Flying Foxes & Bats

Flying Foxes

Flying foxes are among the largest bats in the world. They are fruitbats, so are attracted to any garden with trees that produce fruit. They are intelligent animals that are vital to the Australian ecosystem through seed and pollination dispersal. They travel long distances in order to follow fruit ripening and during such times as well as mating season, their screeching can be heard for kilometers.

Unfortunately for flying foxes, most home owners want to protect their fruit from being eaten and this causes them to get tangled in the nets, often with fatal consequences. This issue can be resolved with simply replacing netting with a suitable bat friendly one which can be purchased at most local hardware stores. Never approach a flying fox, always call a wildlife rescue group as soon as an injured or sick one is found.

Bats

There are over 90 species of bats across Australia, but aside from the flying fox, the most commonly found bat in urban areas around Greater Sydney are micro-bats. Just like flying foxes, these animals should never be handled and the relevant rescue group needs to be called immediately. Unlike their noisy cousins, microbats can remain undetected in shed and house roofs for years. They are great for keeping pesky bugs and rats away from the home.

Australian Bat Lyssa Virus (ABLV)

Bats in Australia are potential carriers of the disease ABLV. This can be transferred from the bat to a human in the form of a bite or scratch which is why it is advised to have no contact with any bat you find. Only 3 cases have been detected in Australia since 1996, but none survived the disease. So although the chances of a bat carrying ABLV are very low, it can be incredibly dangerous if it is. You can read more about ABLV on the NSW Health Website.

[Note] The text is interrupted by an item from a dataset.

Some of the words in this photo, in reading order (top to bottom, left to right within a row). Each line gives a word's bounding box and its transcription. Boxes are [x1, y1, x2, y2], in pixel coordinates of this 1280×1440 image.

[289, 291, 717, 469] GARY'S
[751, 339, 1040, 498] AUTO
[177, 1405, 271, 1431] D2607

This means only people who are vaccinated against Rabies and who have been trained to handle bats should do so. If you are bitten or scratched, clean the wound thoroughly with soap and water for at least 5 minutes before applying an iodine tincture or alcohol-based antiseptic. Clean your eyes, nose, or mouth if they came into contact with any saliva. Contact your doctor or nearest hospital immediately.

Rescue Advice

Bats require human assistance after being hit by a car, tangled on barbed wire, caught in fruit netting, or electrocuted on overhead wires.

• Contact your local wildlife group for help. Unvaccinated people may be vulnerable to serious illness if scratched or bitten by a bat.

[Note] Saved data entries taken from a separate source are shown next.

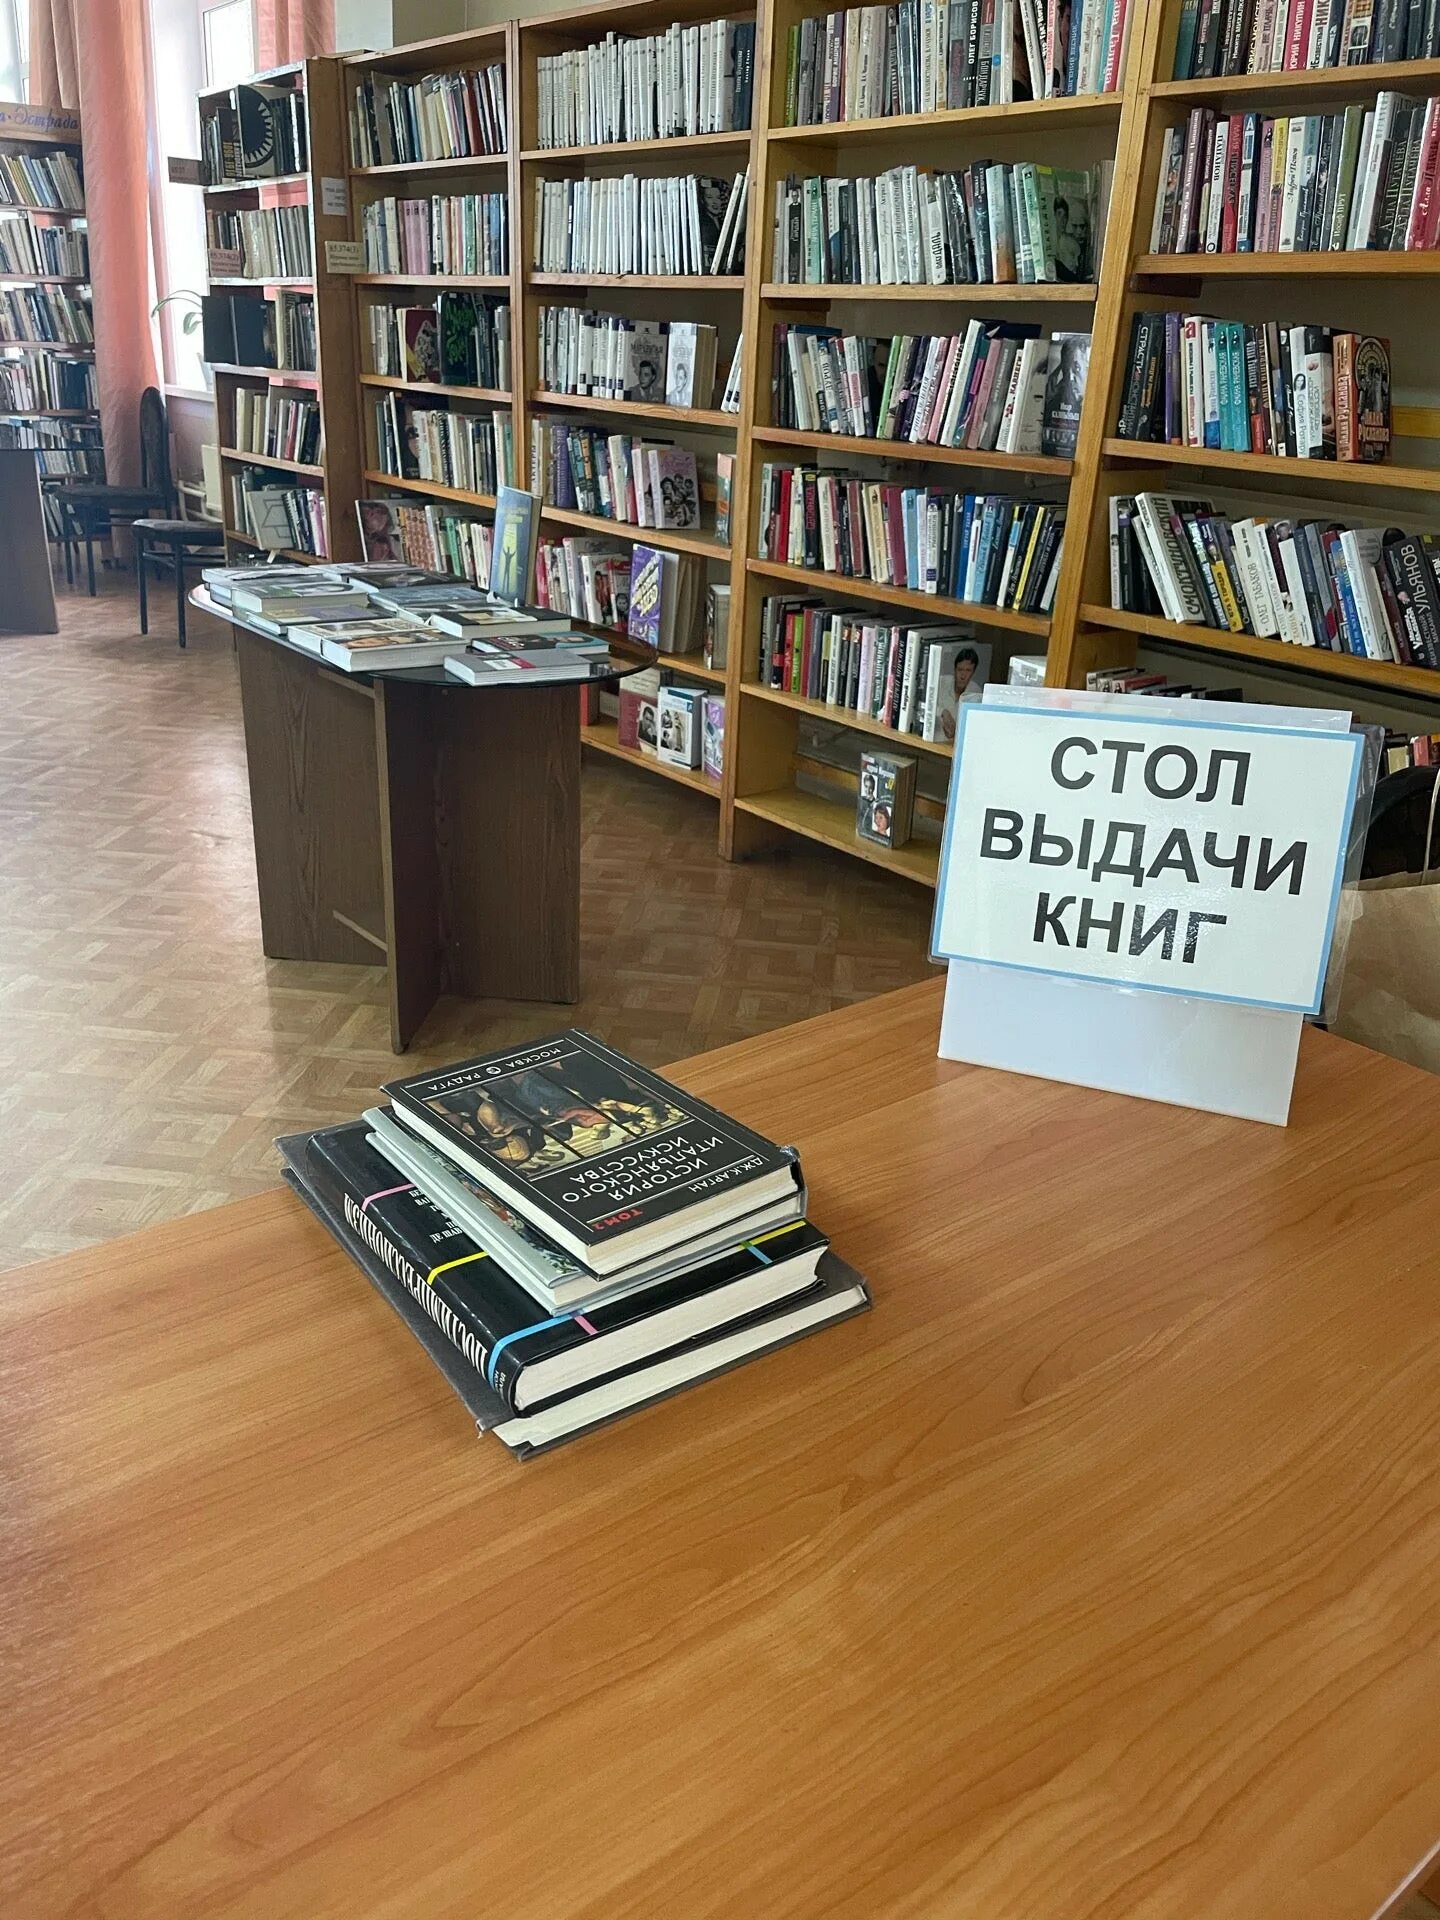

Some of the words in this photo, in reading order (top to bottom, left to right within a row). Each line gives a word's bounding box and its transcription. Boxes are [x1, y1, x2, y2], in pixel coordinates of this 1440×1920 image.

[969, 1, 978, 40] БОРИСОВ
[1293, 2, 1305, 40] НИКУЛИН
[968, 43, 976, 64] ОЛЕГ
[1290, 44, 1299, 69] ЮРИЙ
[1189, 111, 1200, 149] Папанова
[1232, 123, 1241, 151] МАЙЯ
[1185, 152, 1195, 188] Анатолия
[1213, 134, 1224, 181] ПАПАНОВ
[1227, 151, 1239, 204] ПЛИСЕЦКАЯ
[1337, 192, 1346, 213] ПРУТ
[1135, 326, 1148, 371] СТРАСТИ
[1297, 394, 1307, 423] София
[1298, 426, 1307, 455] Ротару
[1151, 496, 1201, 616] СМОКТУНОВСКИЙ
[1246, 562, 1265, 600] ТАБАКОВ
[1400, 543, 1432, 614] УЛЬЯНОВ
[1256, 603, 1271, 624] ОЛЕГ
[1425, 611, 1440, 643] МИХАИЛ
[1418, 614, 1438, 666] НЕИЗВЕСТНЫЙ
[901, 684, 909, 711] Андрей
[1050, 736, 1251, 806] СТОЛ
[979, 807, 1308, 896] ВЫДАЧИ
[1032, 891, 1228, 964] КНИГ
[504, 1047, 562, 1069] МОСКВА
[427, 1072, 481, 1092] РАДУГА
[562, 1136, 723, 1202] ИТАЛЬЯНСКОГО
[569, 1136, 690, 1184] ИСКУССТВА
[608, 1157, 708, 1201] ИСТОРИЯ
[605, 1208, 643, 1227] ТОМ
[344, 1192, 488, 1381] ПОСТИМПРЕССИОНИЗМ

• While awaiting assistance to rescue a bat, if safe to do so, cover the animal with a box or cloth to prevent further distress and injury and to protect it from the sun.

• Do not give the bat any food or water.

• Please report bats on power lines even if they appear to be dead. Pups can survive the mother being electrocuted and wildlife carers may well be able to raise the pup with similar aged orphans.